Included among the honors Billy Collins has received are fellowships from the New York Foundation for the Arts, the National Endowment for the Arts, and the Guggenheim Foundation. He has also been awarded the Oscar Blumenthal Prize, the Bess Hokin Prize, the Frederick Bock Prize, and the Levinson Prize — all awarded by Poetry magazine. In October 2004, Collins was selected as the inaugural recipient of the Poetry Foundation’s Mark Twain Award for Humor in Poetry.
In June 2001, Billy Collins was appointed United States Poet Laureate 2001-2003. In January 2004, he was named New York State Poet Laureate 2004-06. Billy Collins is a Distinguished Professor of English at Lehman College of the City University of New York, as well as a Senior Distinguished Fellow of the Winter Park Institute at Rollins College.

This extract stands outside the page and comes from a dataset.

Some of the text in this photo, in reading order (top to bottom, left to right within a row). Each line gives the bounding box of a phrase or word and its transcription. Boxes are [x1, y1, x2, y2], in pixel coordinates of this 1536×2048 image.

“Luring his readers into the poem with humor, Mr. Collins leads them unwittingly into deeper, more serious places, a kind of journey from the familiar to quirky to unexpected territory, sometimes tender, often profound.” — The New York Times
View poet's pageTHOMAS LUX 1946-2017
Acclaimed poet and teacher, born in Northampton, Massachusetts, in 1946 to working class parents, Thomas Lux attended Emerson College and the University of Iowa. He began publishing haunted, ironic poems that owed much to the Neo-surrealist movement in the 1970s. From his first book Memory’s Handgrenade (1972), Lux’s poetry gradually evolved toward a more direct treatment of immediately available, though no less strange, human experience. Using ironic or sardonic speakers, startlingly apt imagery, careful rhythms, and reaching into history for subject matter, Lux created a body of work that is at once accessible and complex, wildly imaginative and totally relevant. Known for pairing humor with sharp existentialism, Lux commented in the Los Angeles Times, “I like to make the reader laugh—and then steal that laugh, right out of the throat. Because I think life is like that, tragedy right alongside humor.”

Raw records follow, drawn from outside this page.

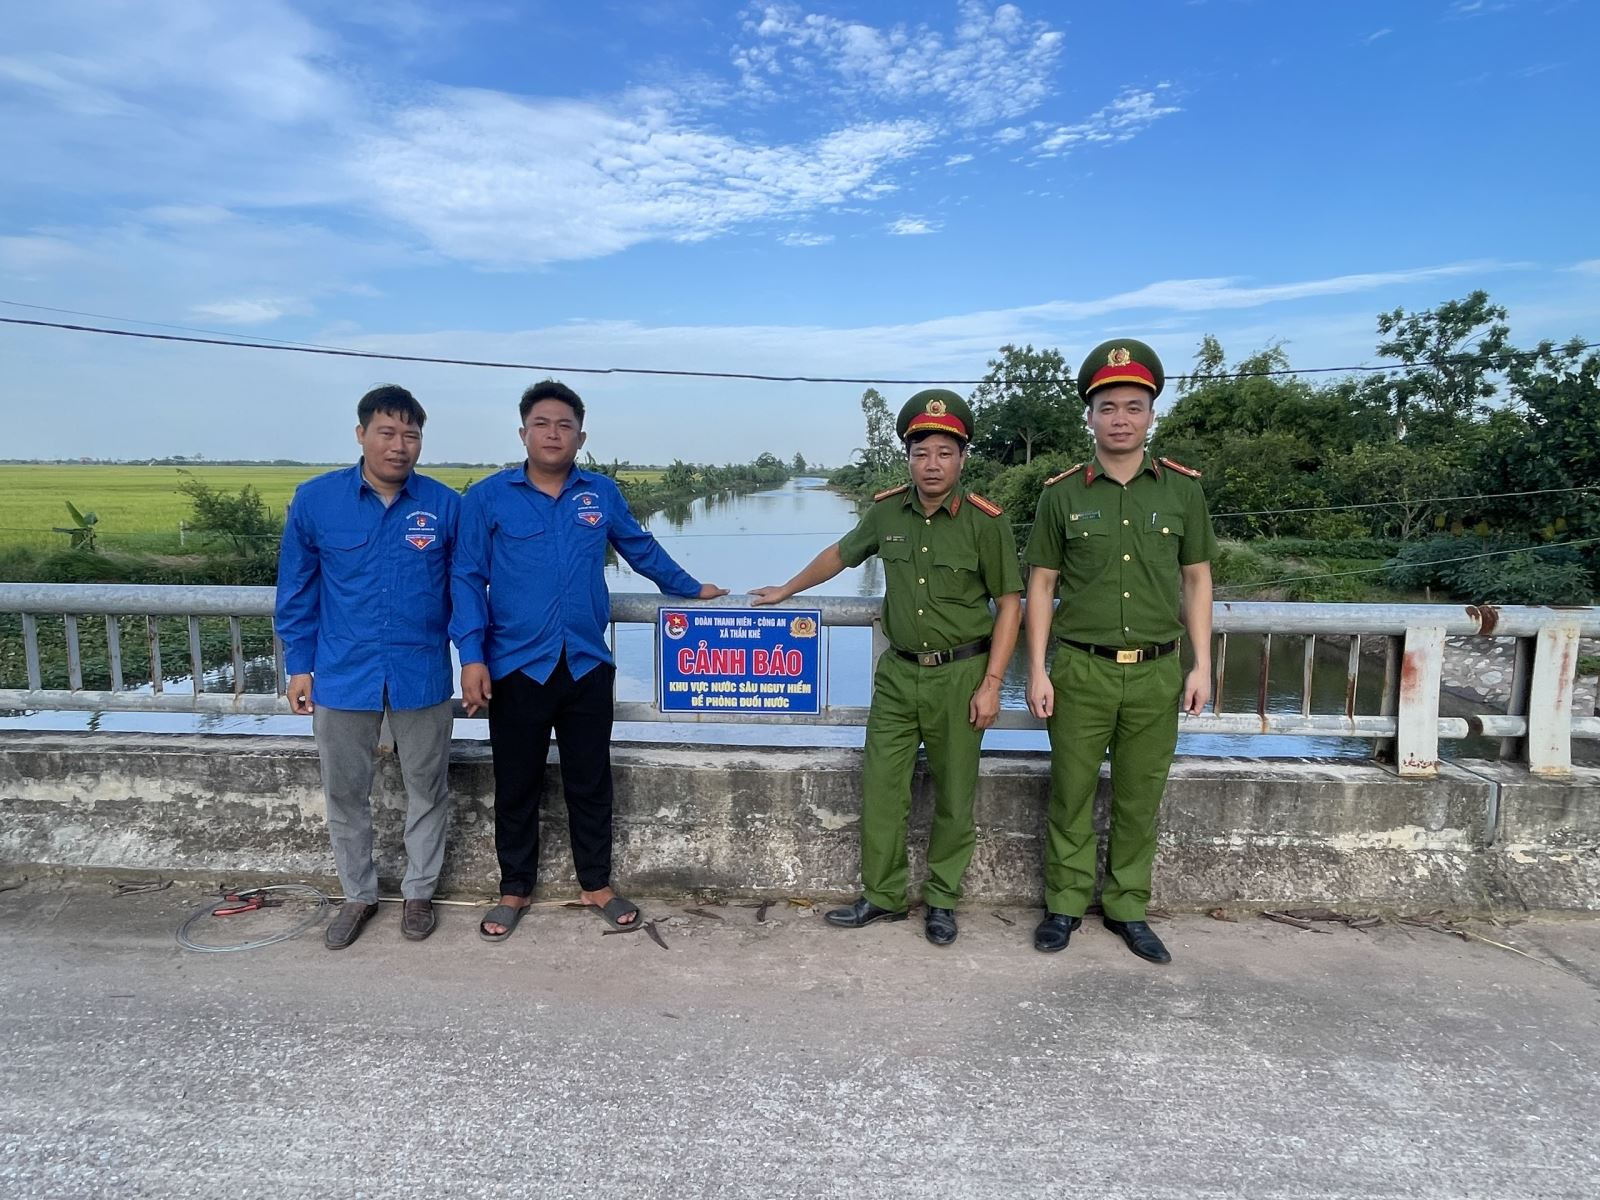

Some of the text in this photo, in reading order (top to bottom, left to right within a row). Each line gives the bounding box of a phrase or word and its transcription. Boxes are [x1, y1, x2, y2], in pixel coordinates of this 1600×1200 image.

[714, 617, 735, 626] THANH
[736, 616, 752, 626] NIÊN
[757, 616, 776, 627] CÔNG
[776, 618, 786, 627] AN
[678, 640, 803, 676] CẢNH BÁO
[669, 681, 689, 692] KHU
[690, 681, 709, 694] VỰC
[711, 680, 737, 692] NƯỚC
[738, 680, 758, 693] SÂU
[759, 683, 786, 693] NGUY
[706, 694, 738, 707] PHÒNG
[763, 696, 790, 708] NƯỚC

Lux’s first collections, including Memory’s Handgrenade and Sunday: Poems (1979), were grounded in the neo-surrealist techniques of contemporaries like James Tate and Bill Knott. Describing his own progress in an interview with the Cortland Review, he said: “I kind of drifted away from Surrealism and the arbitrariness of that. I got more interested in subjects, identifiable subjects other than my own angst or ennui or things like that. I got better and better, I believe, at the craft. I paid more and more attention to the craft. Making poems rhythmical and musical and believable as human speech and as distilled and tight as possible is very important to me. I started looking outside of myself a lot more for subjects. I read a great deal of history, turned more outward as opposed to inward.”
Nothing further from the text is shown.